═══ EXERCISE INPUT

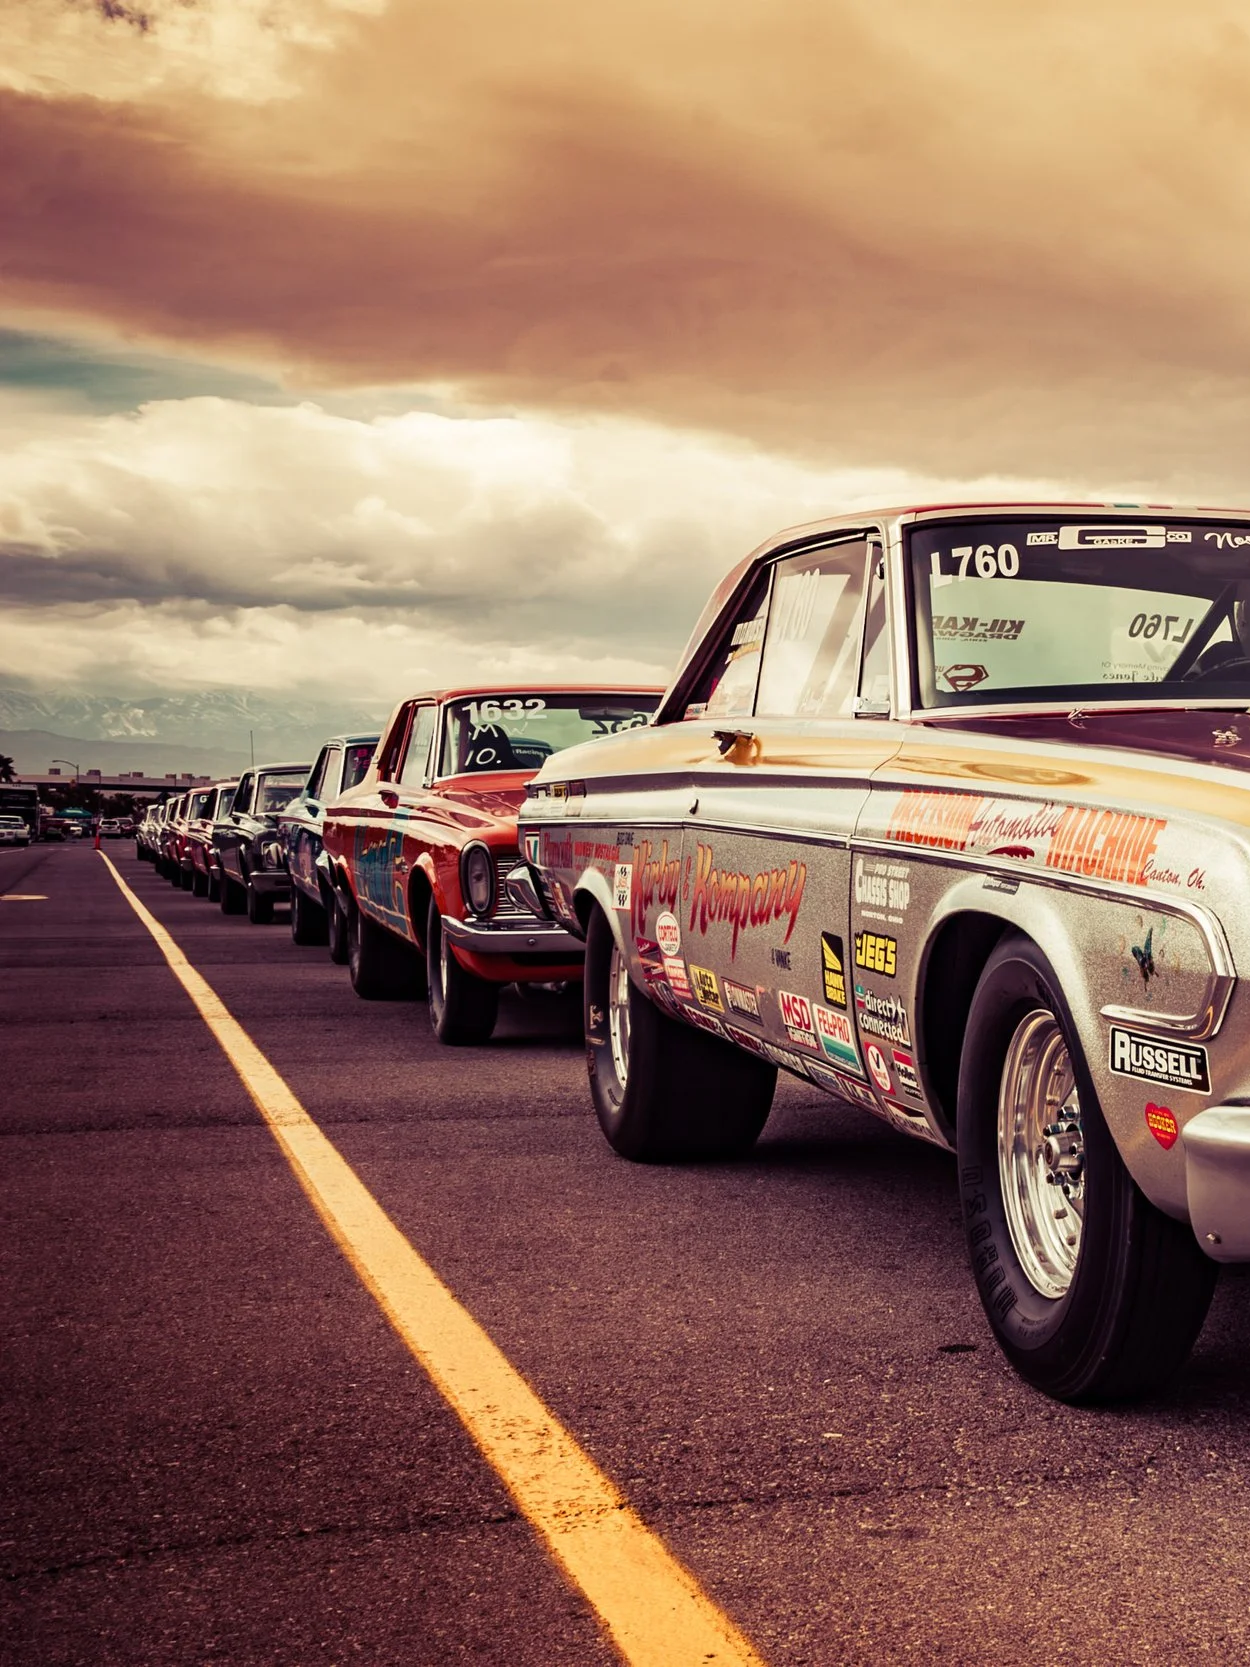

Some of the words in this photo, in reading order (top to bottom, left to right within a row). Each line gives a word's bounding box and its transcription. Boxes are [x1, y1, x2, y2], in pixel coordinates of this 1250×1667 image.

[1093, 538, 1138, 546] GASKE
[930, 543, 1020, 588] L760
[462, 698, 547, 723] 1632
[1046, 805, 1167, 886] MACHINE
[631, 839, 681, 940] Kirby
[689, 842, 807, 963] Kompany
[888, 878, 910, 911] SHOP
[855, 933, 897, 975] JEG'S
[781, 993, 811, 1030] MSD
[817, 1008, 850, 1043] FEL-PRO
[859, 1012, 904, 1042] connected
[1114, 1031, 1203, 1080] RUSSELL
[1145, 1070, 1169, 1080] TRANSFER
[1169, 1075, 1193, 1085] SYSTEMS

══════

> [EXERCISE INSTRUCTIONS] Copy out the records exactly; the pictures stay behind.

> [SOLUTION]
Some of the words in this photo, in reading order (top to bottom, left to right within a row). Each line gives a word's bounding box and its transcription. Boxes are [x1, y1, x2, y2], in pixel coordinates of this 1250×1667 image.

[1093, 538, 1138, 546] GASKE
[930, 543, 1020, 588] L760
[462, 698, 547, 723] 1632
[1046, 805, 1167, 886] MACHINE
[631, 839, 681, 940] Kirby
[689, 842, 807, 963] Kompany
[888, 878, 910, 911] SHOP
[855, 933, 897, 975] JEG'S
[781, 993, 811, 1030] MSD
[817, 1008, 850, 1043] FEL-PRO
[859, 1012, 904, 1042] connected
[1114, 1031, 1203, 1080] RUSSELL
[1145, 1070, 1169, 1080] TRANSFER
[1169, 1075, 1193, 1085] SYSTEMS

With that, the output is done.